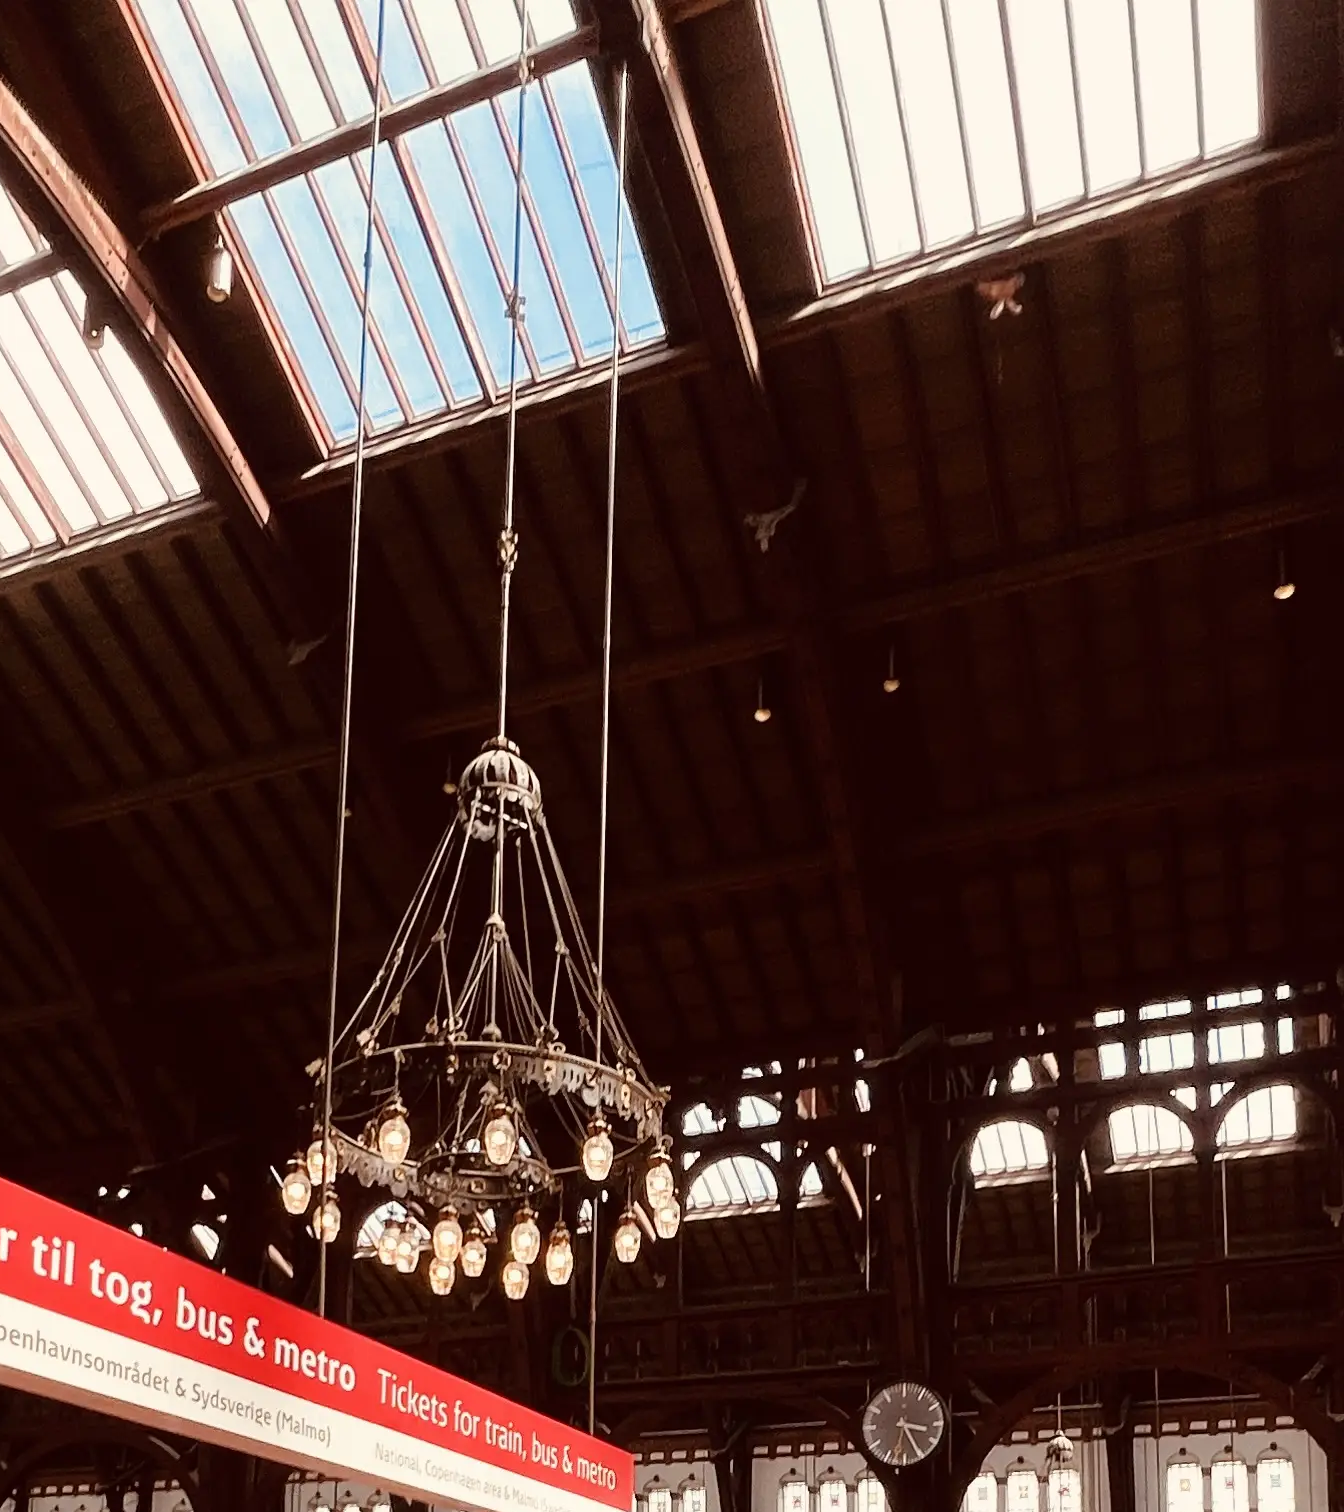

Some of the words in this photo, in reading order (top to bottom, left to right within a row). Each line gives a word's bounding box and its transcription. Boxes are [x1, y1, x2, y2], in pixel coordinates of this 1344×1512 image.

[32, 1236, 75, 1286] til
[89, 1258, 162, 1326] tog,
[175, 1285, 233, 1346] bus
[243, 1317, 266, 1358] &
[274, 1336, 356, 1391] metro
[175, 1378, 186, 1398] &
[191, 1383, 272, 1427] Sydsverige
[377, 1368, 448, 1428] Tickets
[454, 1400, 480, 1438] for
[485, 1416, 527, 1461] train,
[532, 1431, 558, 1470] bus
[562, 1445, 573, 1475] &
[577, 1455, 617, 1491] metro
[375, 1442, 422, 1476] National,
[425, 1459, 481, 1493] Copenhagen
[484, 1481, 502, 1498] area

__________

## What you are asked to do
Every line above goes into your copy exactly; no images go in.

## Response to the exercise
Some of the words in this photo, in reading order (top to bottom, left to right within a row). Each line gives a word's bounding box and its transcription. Boxes are [x1, y1, x2, y2], in pixel coordinates of this 1344×1512 image.

[32, 1236, 75, 1286] til
[89, 1258, 162, 1326] tog,
[175, 1285, 233, 1346] bus
[243, 1317, 266, 1358] &
[274, 1336, 356, 1391] metro
[175, 1378, 186, 1398] &
[191, 1383, 272, 1427] Sydsverige
[377, 1368, 448, 1428] Tickets
[454, 1400, 480, 1438] for
[485, 1416, 527, 1461] train,
[532, 1431, 558, 1470] bus
[562, 1445, 573, 1475] &
[577, 1455, 617, 1491] metro
[375, 1442, 422, 1476] National,
[425, 1459, 481, 1493] Copenhagen
[484, 1481, 502, 1498] area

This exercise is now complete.